Return each entry below exactly. Skip the images.

┌────────

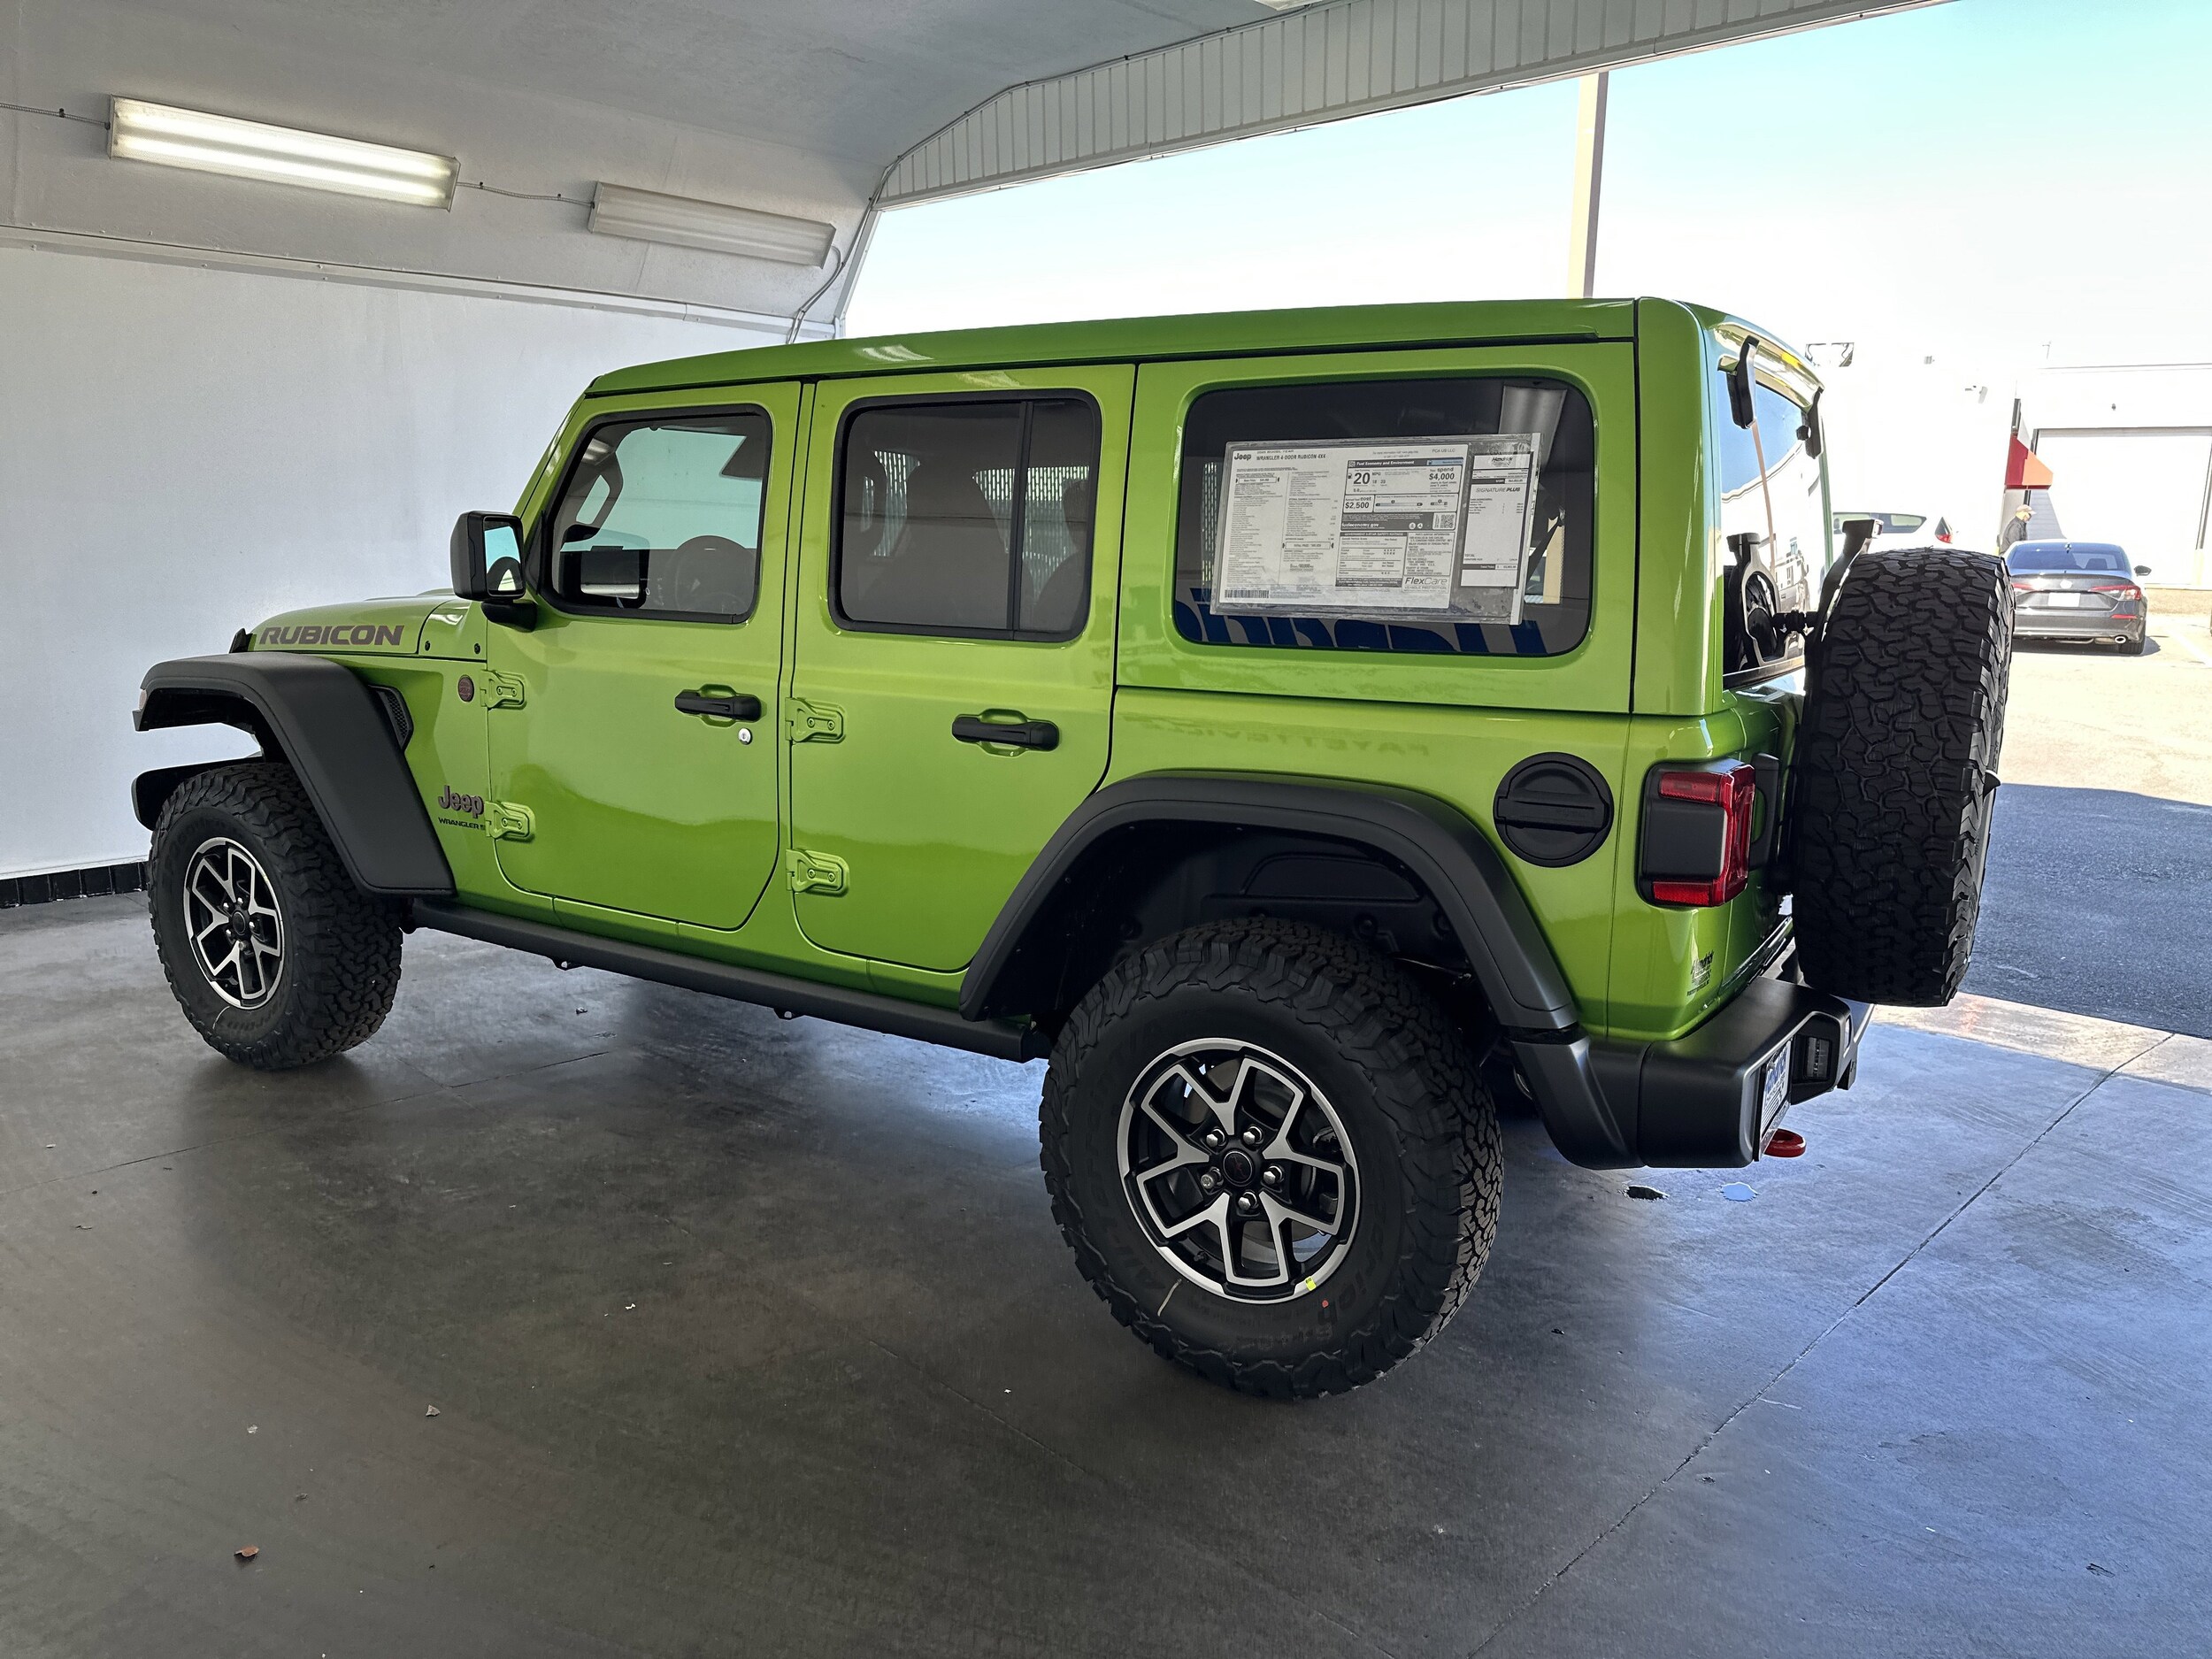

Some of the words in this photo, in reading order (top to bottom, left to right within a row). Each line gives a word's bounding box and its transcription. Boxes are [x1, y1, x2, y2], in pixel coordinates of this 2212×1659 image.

[1353, 472, 1370, 484] 20
[259, 625, 405, 646] RUBICON
[438, 785, 484, 818] Jeep
[438, 817, 480, 830] WRANGLER

└────────

YOUR RESPONSE |
Some of the words in this photo, in reading order (top to bottom, left to right within a row). Each line gives a word's bounding box and its transcription. Boxes are [x1, y1, x2, y2], in pixel coordinates of this 2212×1659 image.

[1353, 472, 1370, 484] 20
[259, 625, 405, 646] RUBICON
[438, 785, 484, 818] Jeep
[438, 817, 480, 830] WRANGLER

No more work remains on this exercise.